= Beginning of Section =

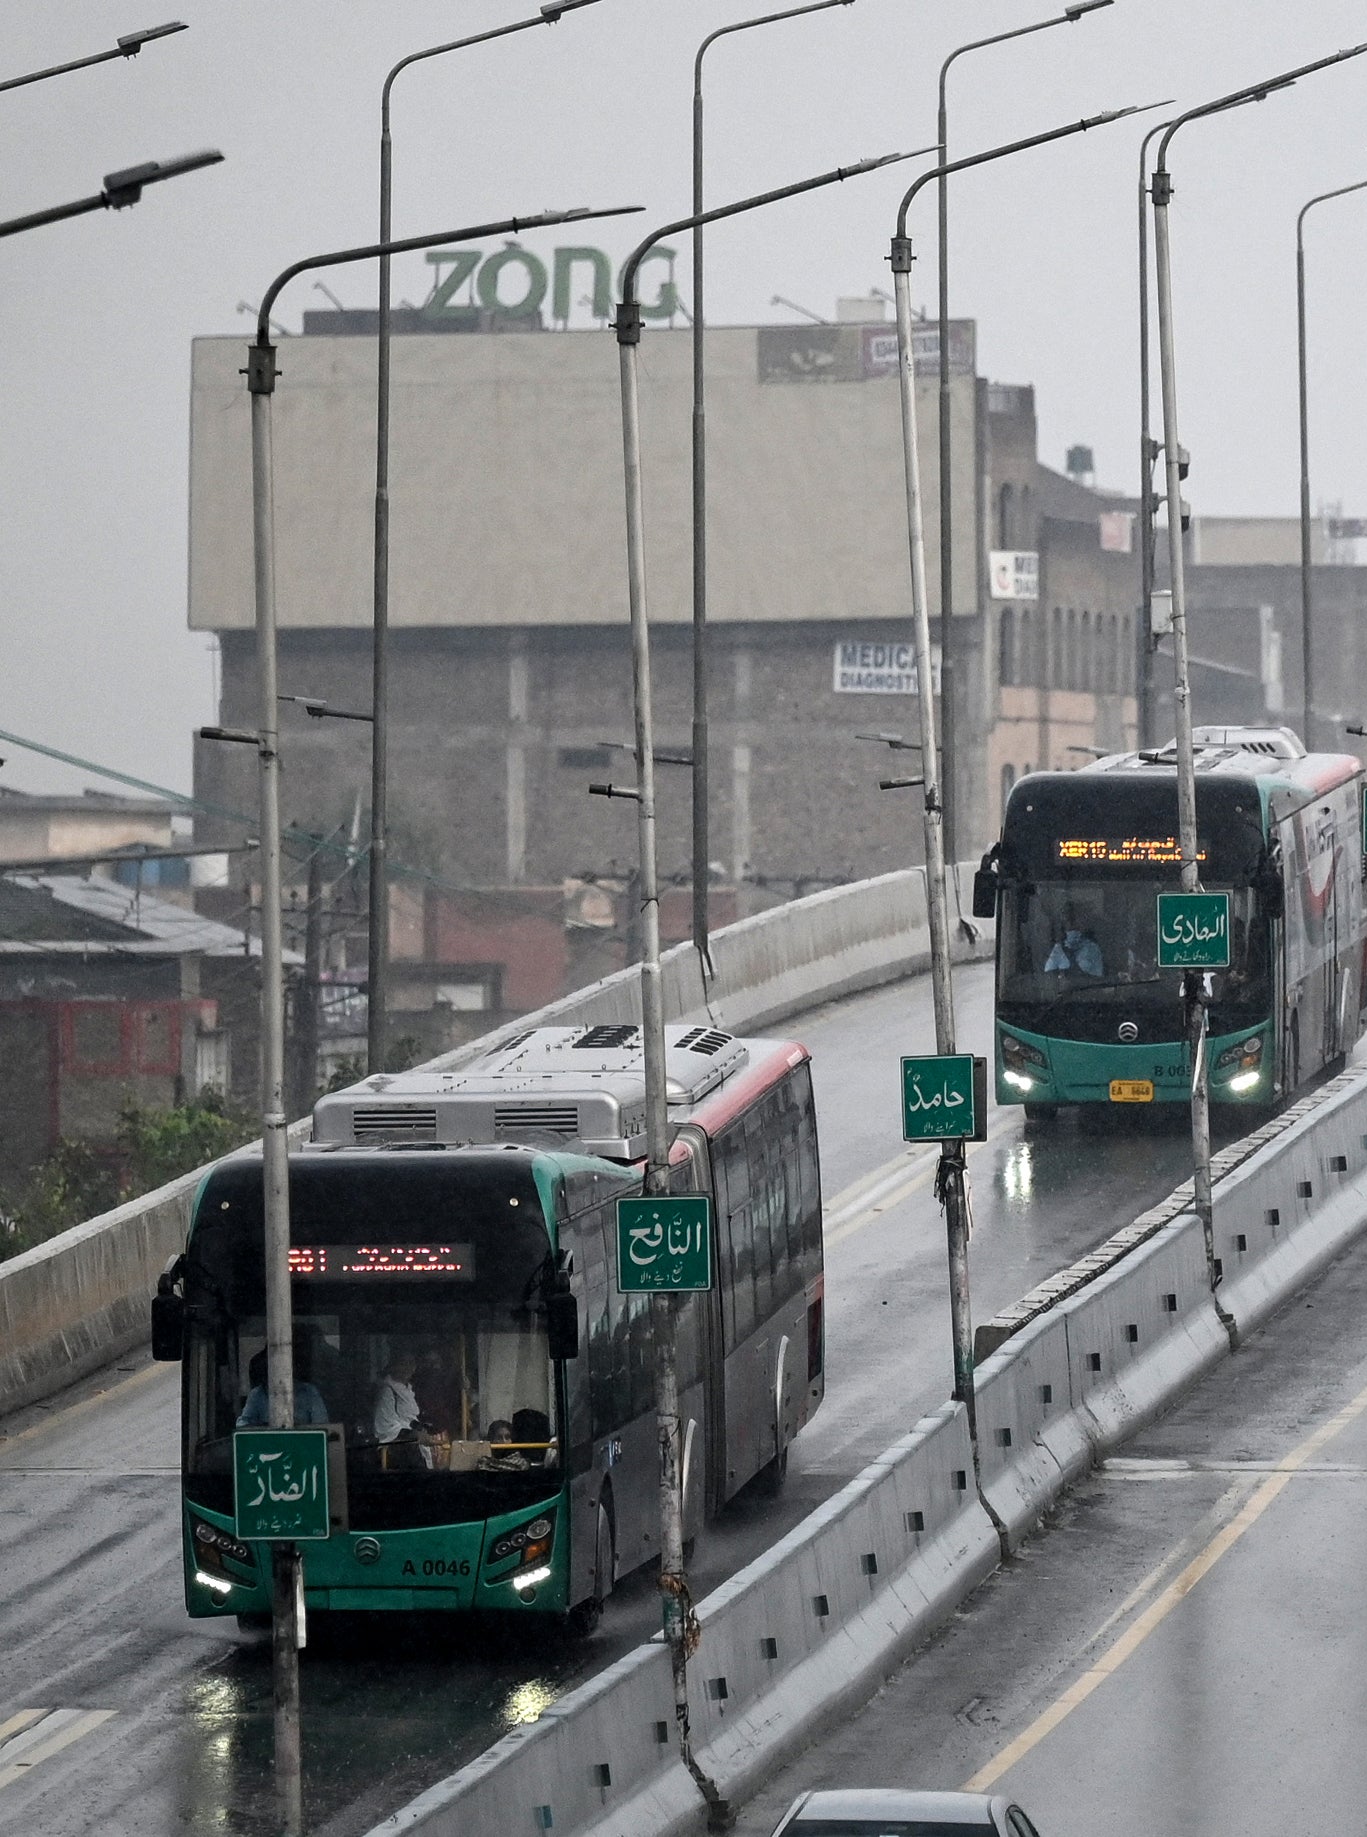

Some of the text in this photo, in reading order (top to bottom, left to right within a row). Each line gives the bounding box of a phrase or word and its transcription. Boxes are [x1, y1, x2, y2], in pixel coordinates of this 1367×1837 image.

[841, 646, 937, 669] MEDIC
[402, 1559, 471, 1576] A 0046
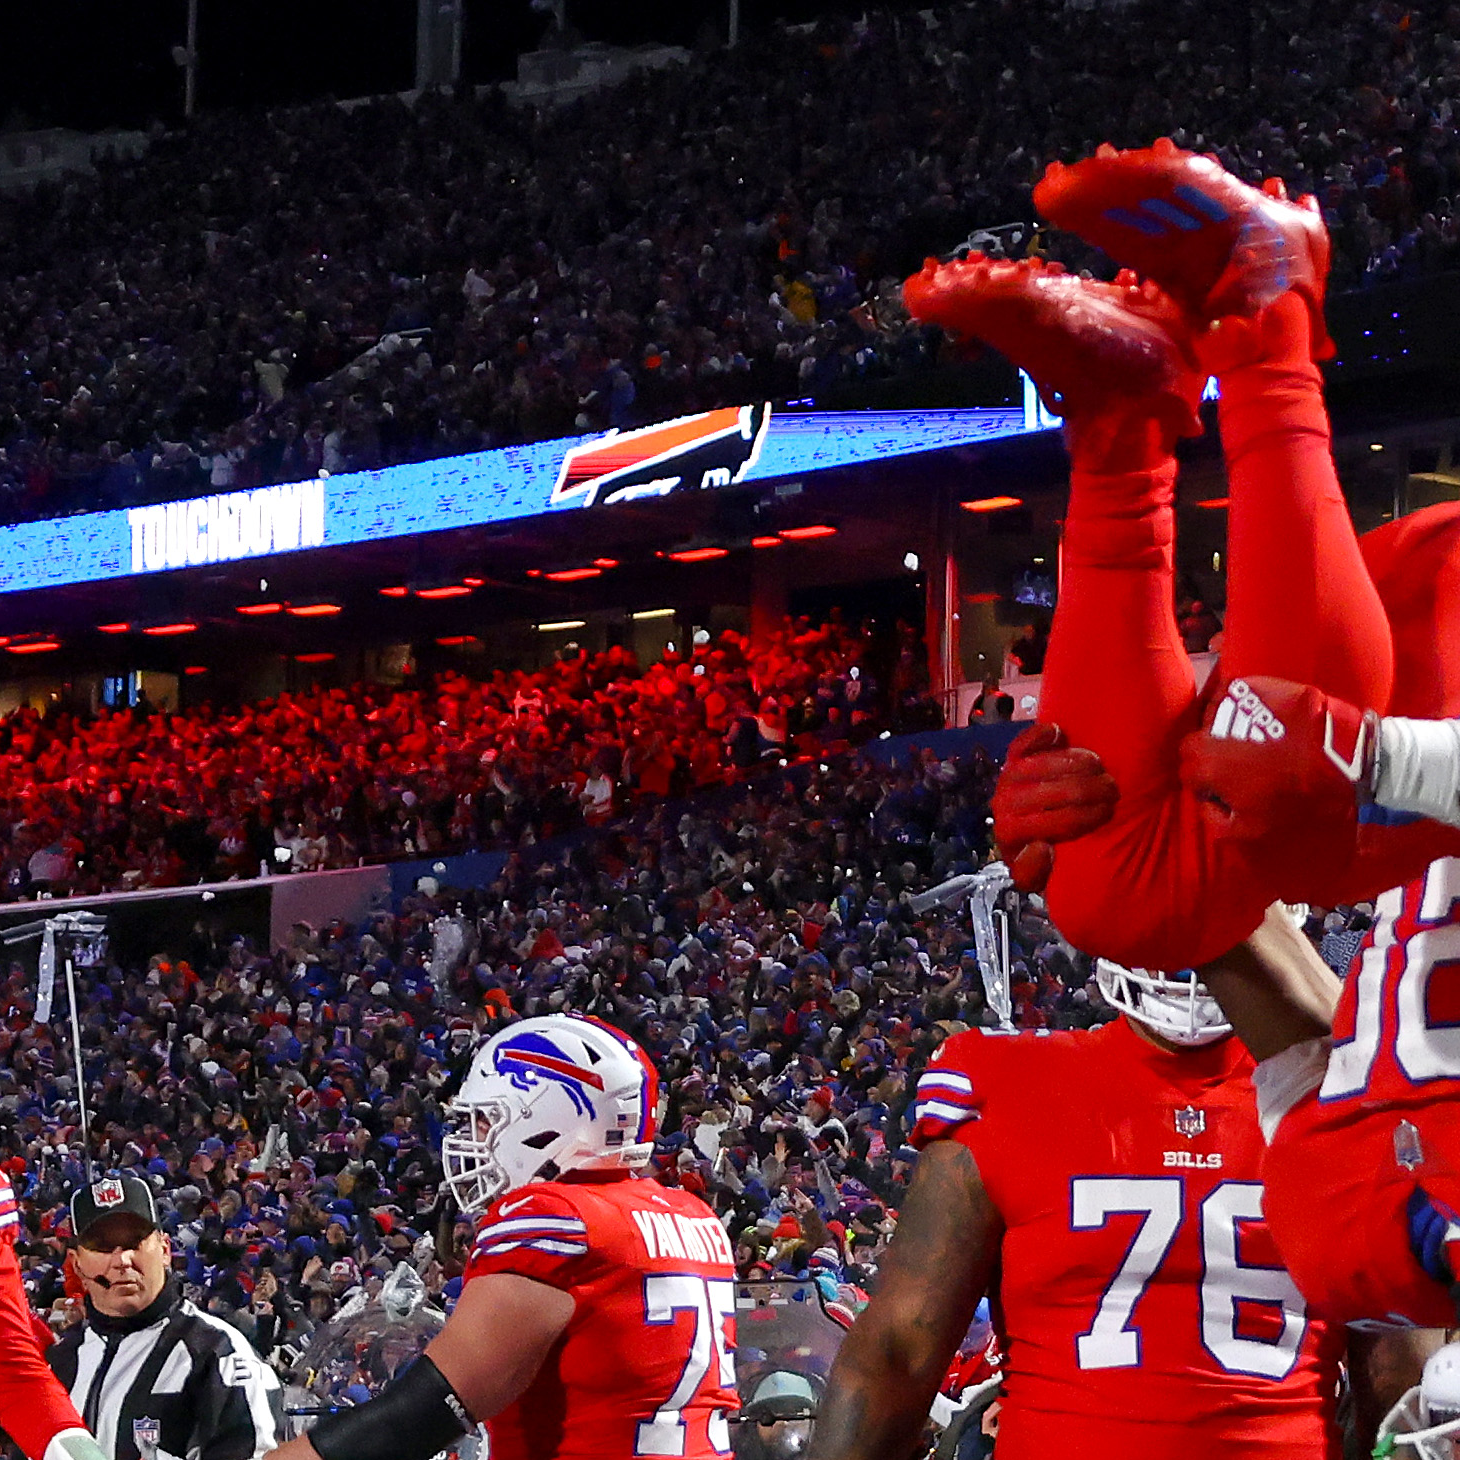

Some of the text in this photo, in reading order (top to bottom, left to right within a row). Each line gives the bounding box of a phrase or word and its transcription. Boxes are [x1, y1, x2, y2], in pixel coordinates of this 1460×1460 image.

[128, 478, 326, 573] TOUCHDOWN
[1163, 1151, 1223, 1169] BILLS
[1069, 1175, 1309, 1381] 76
[633, 1271, 737, 1457] 75

= End of Section =

[PROMPT]
Your answer must be the full listing, reproduced word for word, without its pictures.

[SOLUTION TO THIS EXERCISE]
Some of the text in this photo, in reading order (top to bottom, left to right within a row). Each line gives the bounding box of a phrase or word and its transcription. Boxes are [x1, y1, x2, y2], in pixel coordinates of this 1367×1837 image.

[841, 646, 937, 669] MEDIC
[402, 1559, 471, 1576] A 0046

Some of the text in this photo, in reading order (top to bottom, left to right within a row). Each line gives the bounding box of a phrase or word and its transcription. Boxes are [x1, y1, x2, y2], in pixel coordinates of this 1460×1460 image.

[128, 478, 326, 573] TOUCHDOWN
[1163, 1151, 1223, 1169] BILLS
[1069, 1175, 1309, 1381] 76
[633, 1271, 737, 1457] 75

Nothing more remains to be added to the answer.